§ Your objective
Make an exact copy of the records, omitting all images.

(Collected data)
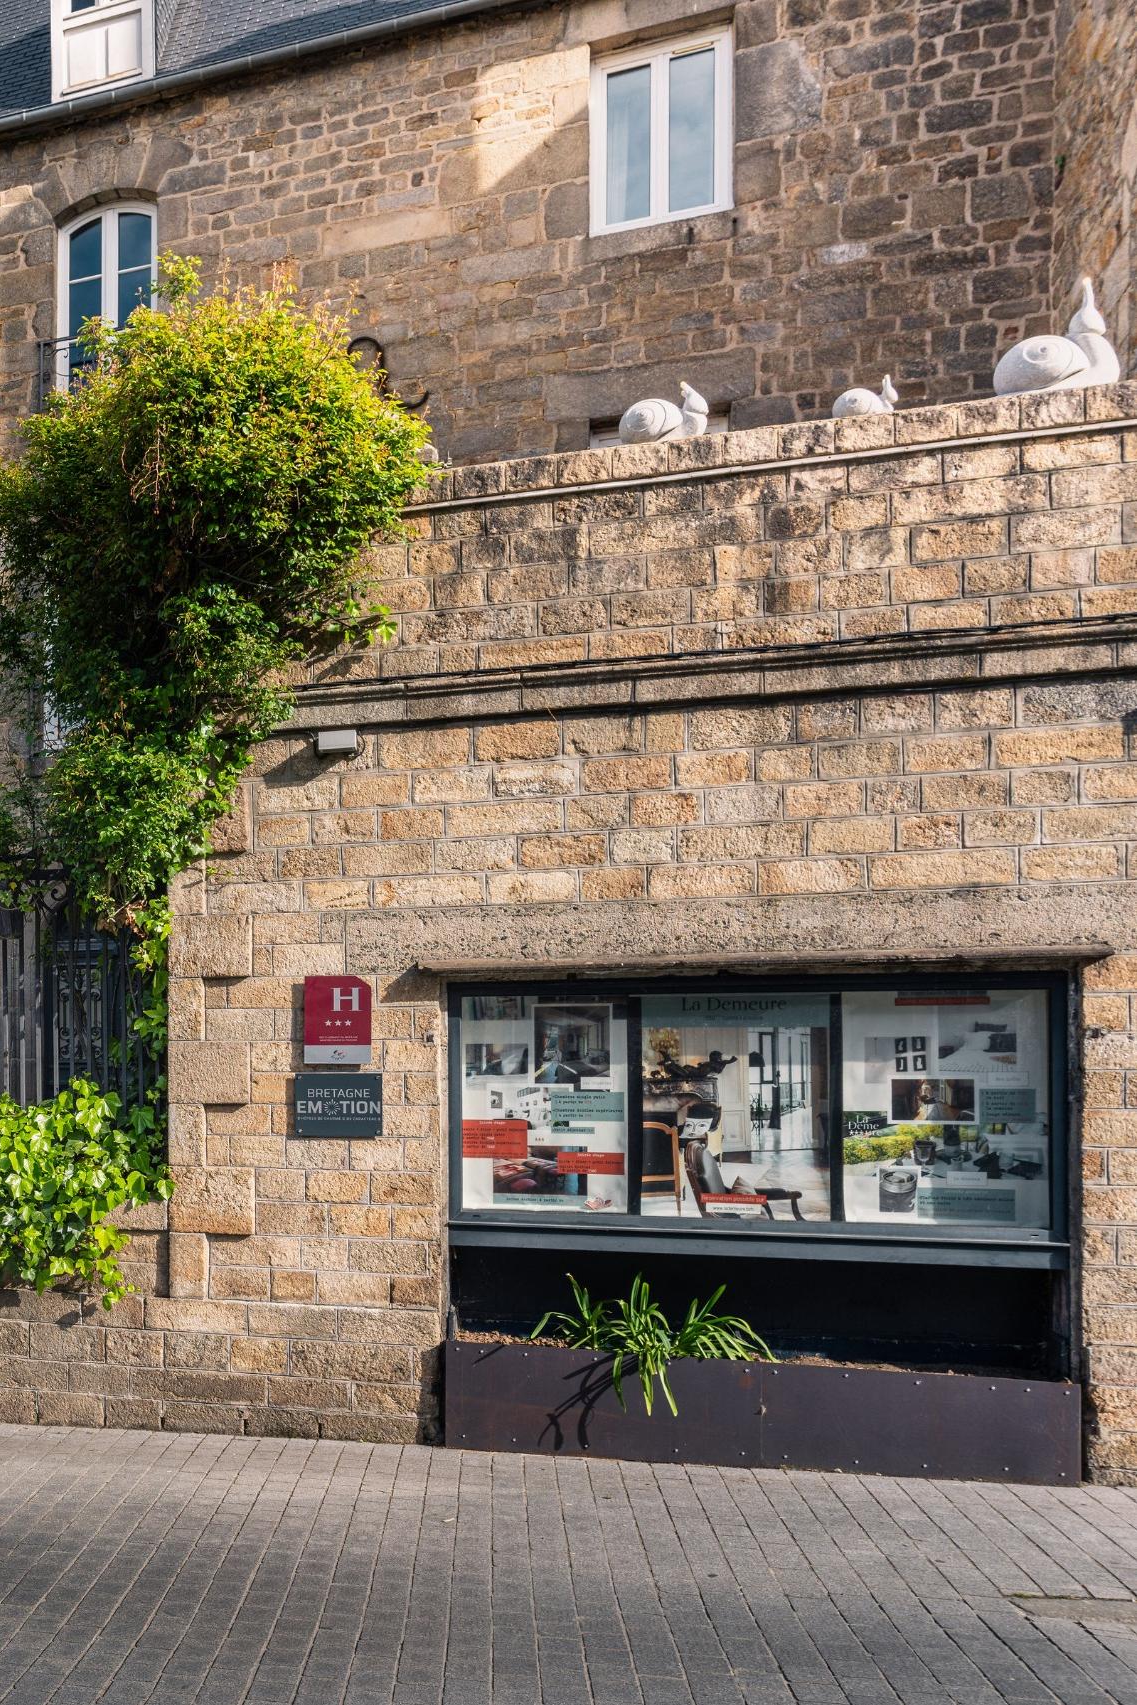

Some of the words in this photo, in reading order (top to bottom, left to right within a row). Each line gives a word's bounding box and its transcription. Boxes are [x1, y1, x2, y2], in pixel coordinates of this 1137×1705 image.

[331, 987, 363, 1012] H
[682, 997, 701, 1011] La
[707, 996, 787, 1011] Demeure
[307, 1088, 370, 1098] BRETAGNE
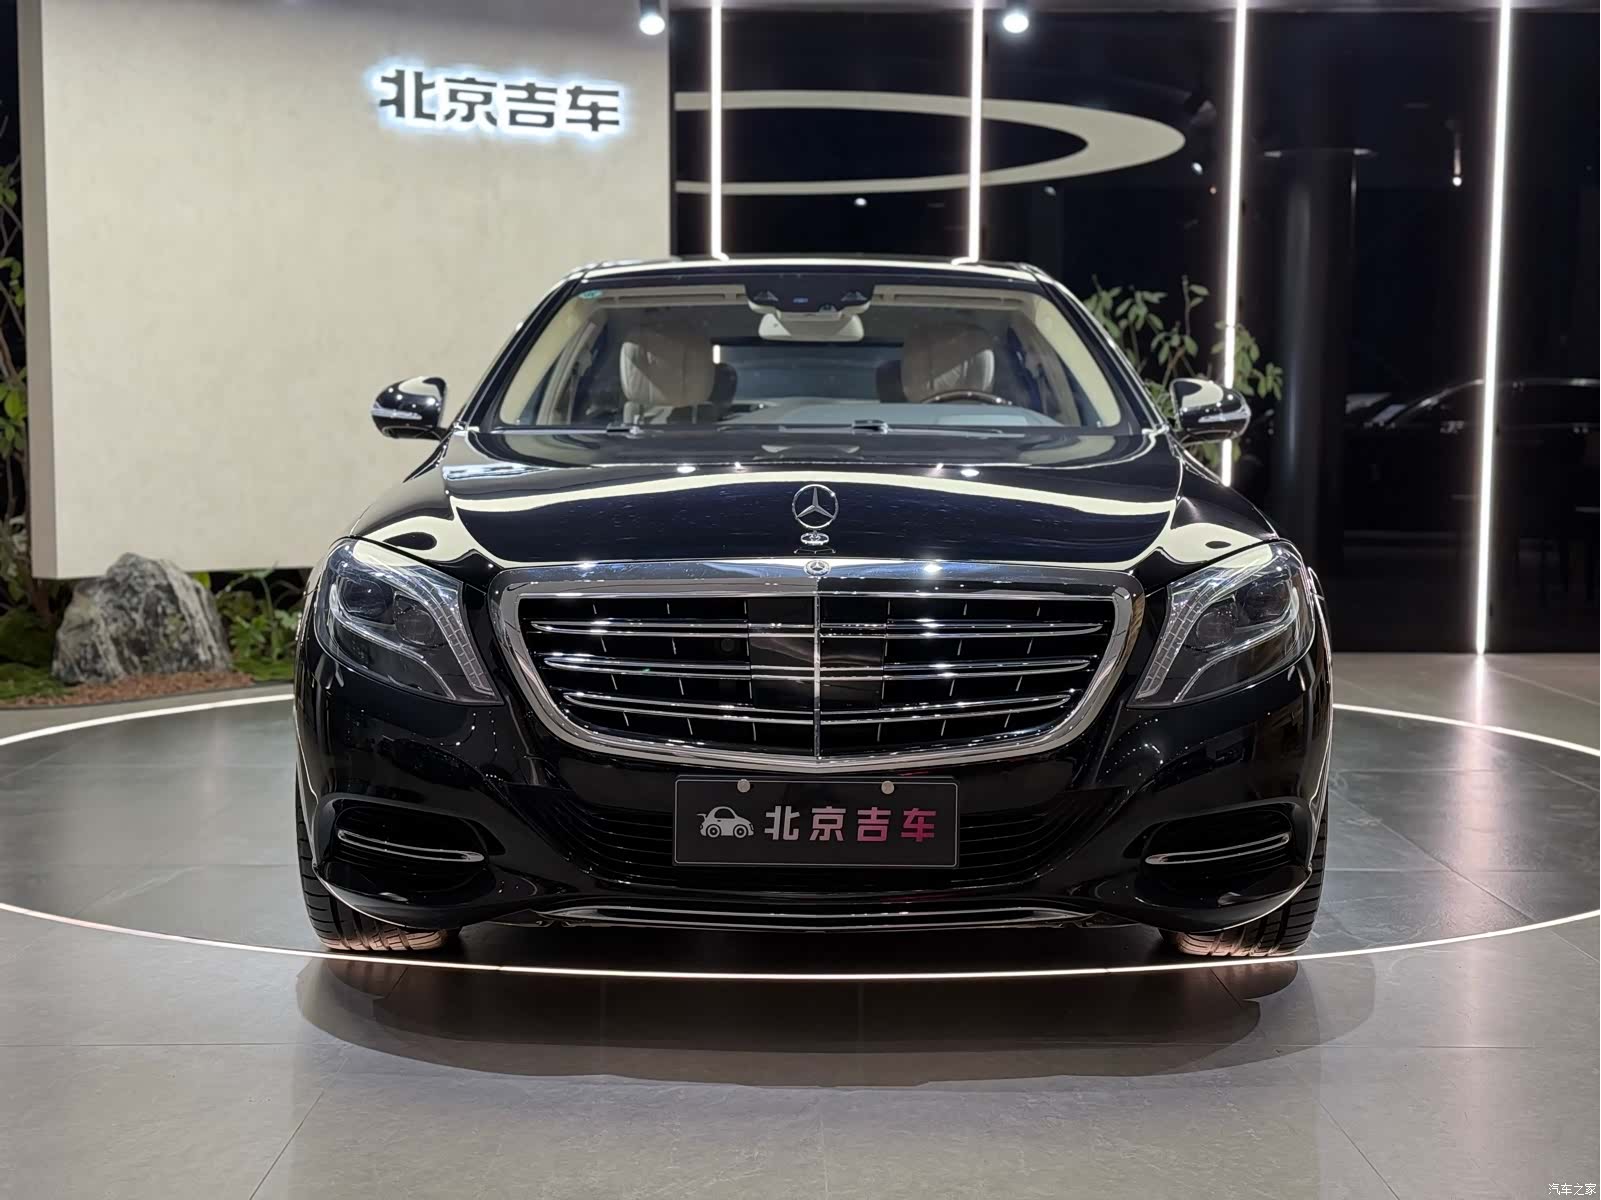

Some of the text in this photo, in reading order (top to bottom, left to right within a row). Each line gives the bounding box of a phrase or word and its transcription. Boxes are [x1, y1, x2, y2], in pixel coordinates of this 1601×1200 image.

[379, 69, 619, 132] 北京吉车
[764, 805, 937, 842] 北京吉车

§ Written answer
Some of the words in this photo, in reading order (top to bottom, left to right within a row). Each line gives a word's bounding box and its transcription. Boxes are [x1, y1, x2, y2], in pixel coordinates of this 1137×1705 image.

[331, 987, 363, 1012] H
[682, 997, 701, 1011] La
[707, 996, 787, 1011] Demeure
[307, 1088, 370, 1098] BRETAGNE

Some of the text in this photo, in reading order (top to bottom, left to right within a row). Each line gives the bounding box of a phrase or word and its transcription. Boxes are [x1, y1, x2, y2], in pixel coordinates of this 1601×1200 image.

[379, 69, 619, 132] 北京吉车
[764, 805, 937, 842] 北京吉车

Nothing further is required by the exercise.